HIV-1 CRF08_BC is one of the five main HIV-1 subtypes and circulating recombinant forms in China, along with HIV-1 CRF07_BC, CRF01_AE, CRF55_01B, and B’ (Thai B) [16]. A previous study showed that HIV-1 CRF08_BC was the fourth prevalent genotype in China, accounting for 6.60%, and the first, second, and third prevalent genotypes in China were HIV-1 CRF01_AE (39.69%), CRF07_BC (20.47%), and subtype B (17.50%), respectively [17]. HIV-1 CRF08_BC is the second CRF that was discovered in China, and it is thought to have emerged through the recombination of HIV-1 subtypes B’ and C among injecting drug users (IDU) [1820]. Many studies have explored the origin, spread, evolutionary history, and factors driving the dispersal of HIV-1 CRF08_BC [16,2123]. A previous study estimated the mean TMRCA of HIV-1 CRF08_BC ranging from 1989.3 to 1990.3, and the mean evolutionary rate ranged from 1.7 × 10−3 to 1.8 × 10−3 substitutions per site per year using partial gag-pol genes under different evolutionary models [23]. Feng Y et al. estimated the TMRCA of HIV-1 CRF08_BC at around 1992, with a mean evolutionary rate ranging from 2.23 × 10−3 to 6.36 × 10−3 substitutions per site per year using partial gag-pol-env genes [22]. In Liu et al. [24], the authors performed a phylogeographic analysis of the gag-pol genes, which identified Yunnan as the possible origin of CRF08_BC. However, all of the aforementioned studies use partial or sub-genomic regions, which ignores patterns that are imprinted in other longer genomic regions. Furthermore, the studies lack a comprehensive exploration of best performing models to achieve an accurate phylodynamic reconstruction of CFR08_BC [25].

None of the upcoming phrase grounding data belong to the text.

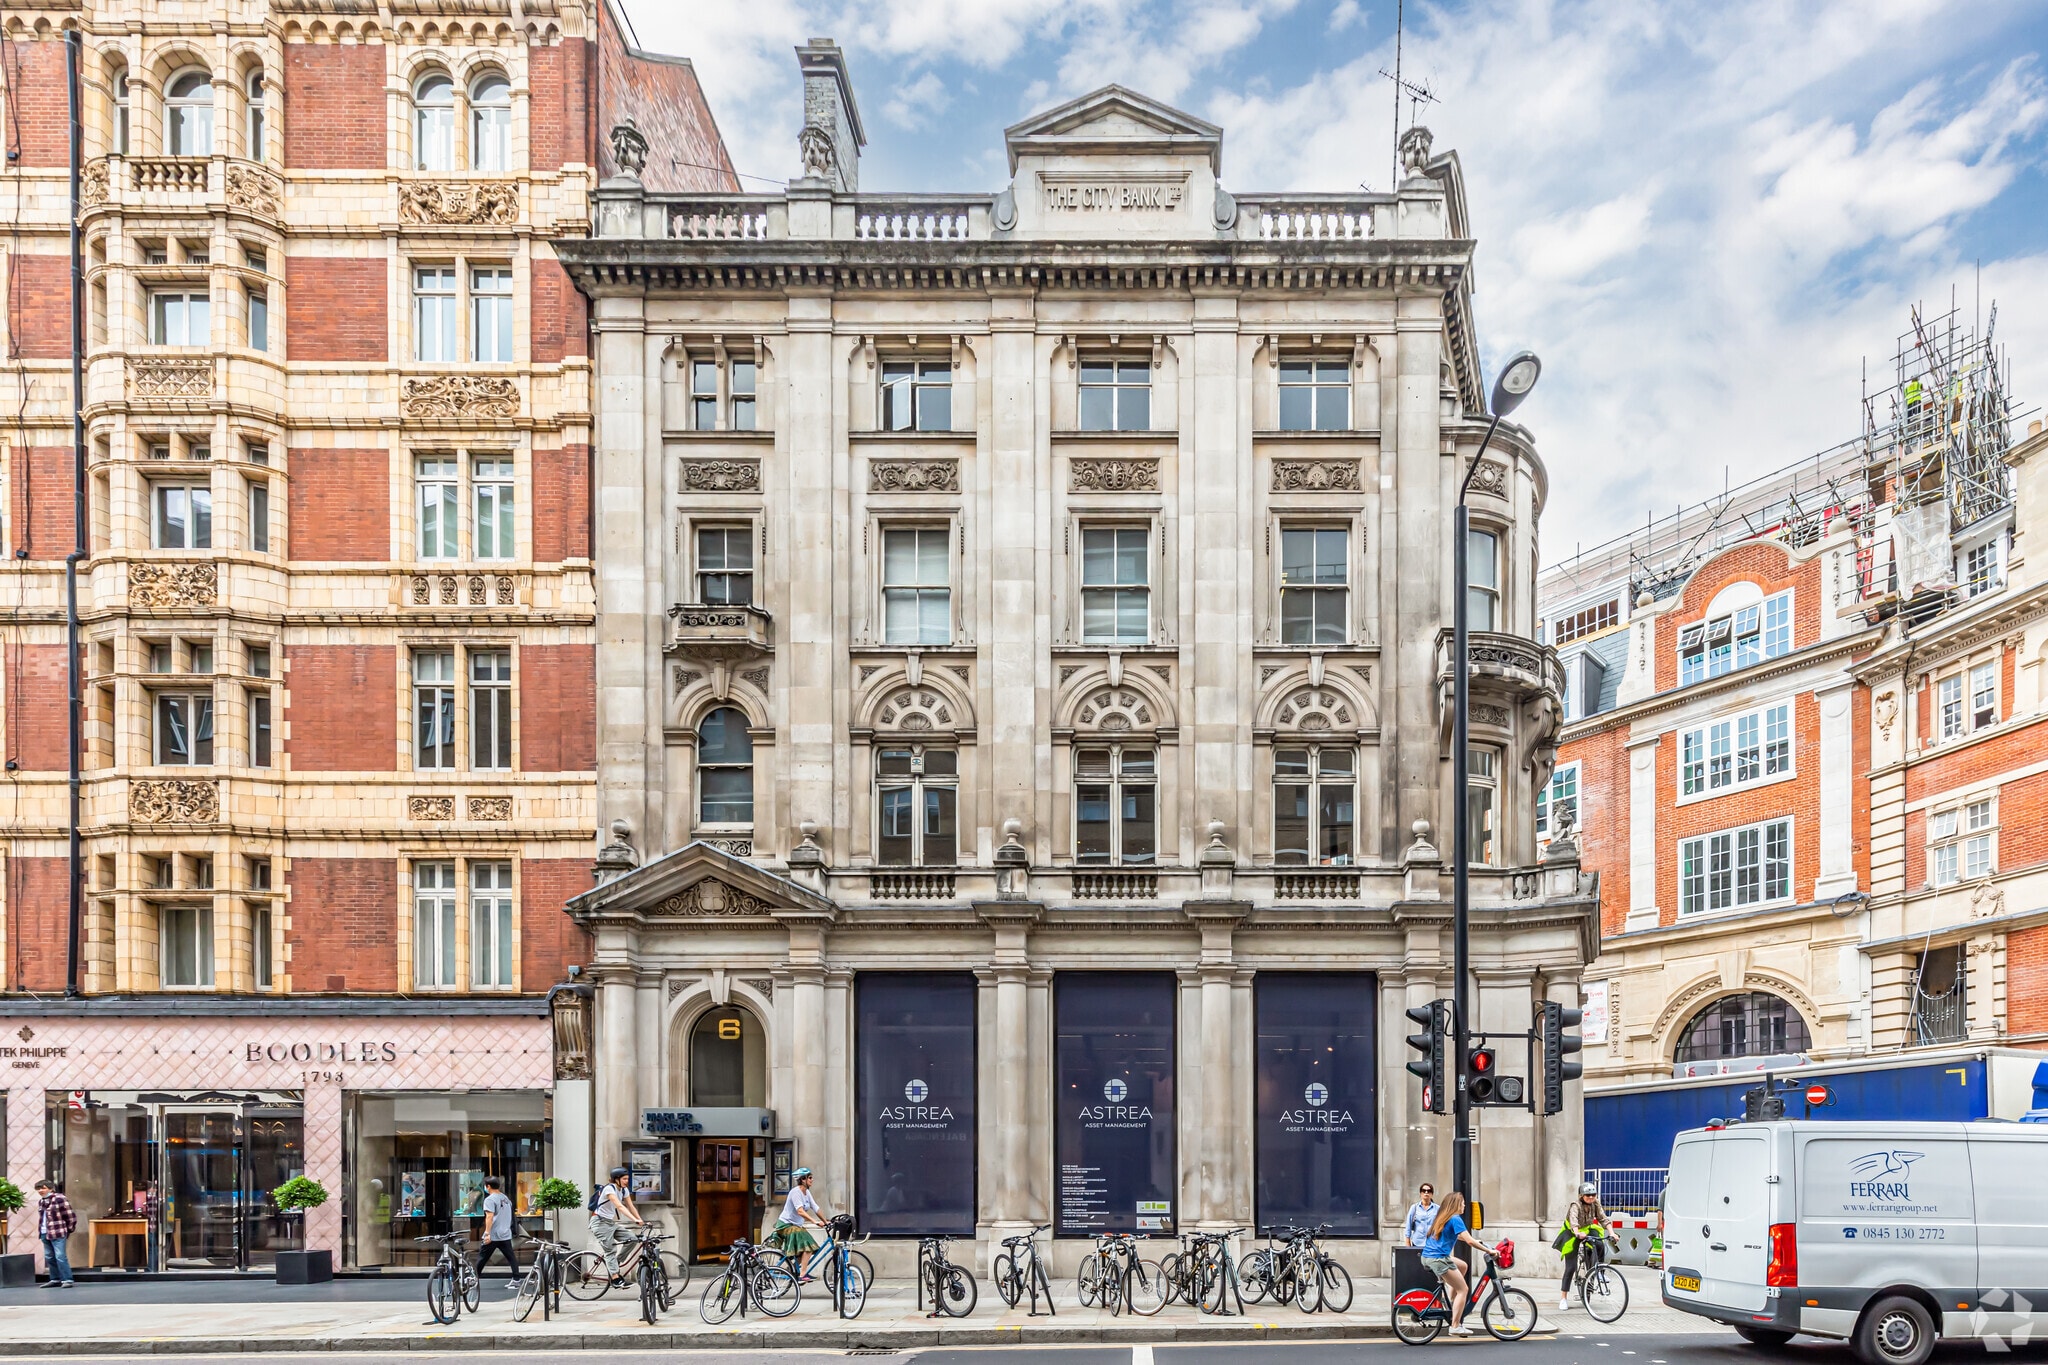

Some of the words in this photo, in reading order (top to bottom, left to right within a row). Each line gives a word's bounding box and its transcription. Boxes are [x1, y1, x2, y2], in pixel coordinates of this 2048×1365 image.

[1047, 188, 1077, 210] THE
[1082, 188, 1116, 210] CITY
[1120, 188, 1160, 210] BANK
[719, 1019, 740, 1039] 6
[20, 1047, 67, 1057] PHILIPPE
[246, 1042, 397, 1063] BOODLES
[301, 1071, 344, 1083] 1798
[879, 1106, 955, 1120] ASTREA
[1078, 1106, 1154, 1120] ASTREA
[1279, 1109, 1354, 1124] ASTREA
[1850, 1182, 1912, 1201] FERRARI
[1843, 1202, 1938, 1215] www.ferrarigroup.net
[1863, 1227, 1890, 1239] 0845
[1895, 1227, 1915, 1239] 130
[1919, 1228, 1945, 1240] 2772

In the present study, we aim at filling this important gap in our understanding of the dynamics and timing of HIV-1 CRF08_BC by employing state-of-the-art approaches to investigate the early genomic epidemiology of HIV-1 CRF08_BC based on all available genomes of HIV-1 CRF08_BC sampled from China and Myanmar with sampling dates between 1997–2013 among various risk groups. Our study provides insights into the spatiotemporal dynamics of HIV-1 CRF08_BC in China and elsewhere.

Materials and methods

Collation of near-complete genome dataset of HIV-1 CRF08_BC

All available near-complete genomes (HXB2 genome position 1–9719, with minimum fragment length of 8000 bp) of HIV-1 CRF08_BC with known sampling dates and geographic information were retrieved from the Los Alamos National Laboratory (LANL) HIV Sequence Database (https://www.hiv.lanl.gov/content/sequence/HIV/mainpage.html) as of 26 September 2021. ‘Include problematic sequences’ and ‘One sequence/patient’ were unselected and selected, respectively, before download. The final dataset (‘full28’) included 28 publicly available near-complete genomes (sequence length ranging between 8103 bp and 8782 bp) of HIV-1 CRF08_BC sampled from China (Gansu Province, n = 1; Guangdong Province, n = 2; Guangxi Province, n = 4; and Yunnan Province, n = 19), and Myanmar (n = 2), with known sampling time (1997–2013), and risk groups (heterosexual, Hetero, n = 4; injecting drug users, IDU, n = 19; mother-to-baby, MB, n = 1; sexual undescribed, SU, n = 3; and not recorded, NR, n = 1). The ‘full28’ dataset of collected sequences was aligned using MAFFT v7.222 [26] and subsequently manually edited using BioEdit v7.2.5 [27]. Multiple sequence alignments were screened for recombination using RDP v4.101 [28,29] and no recombinant sequences were identified.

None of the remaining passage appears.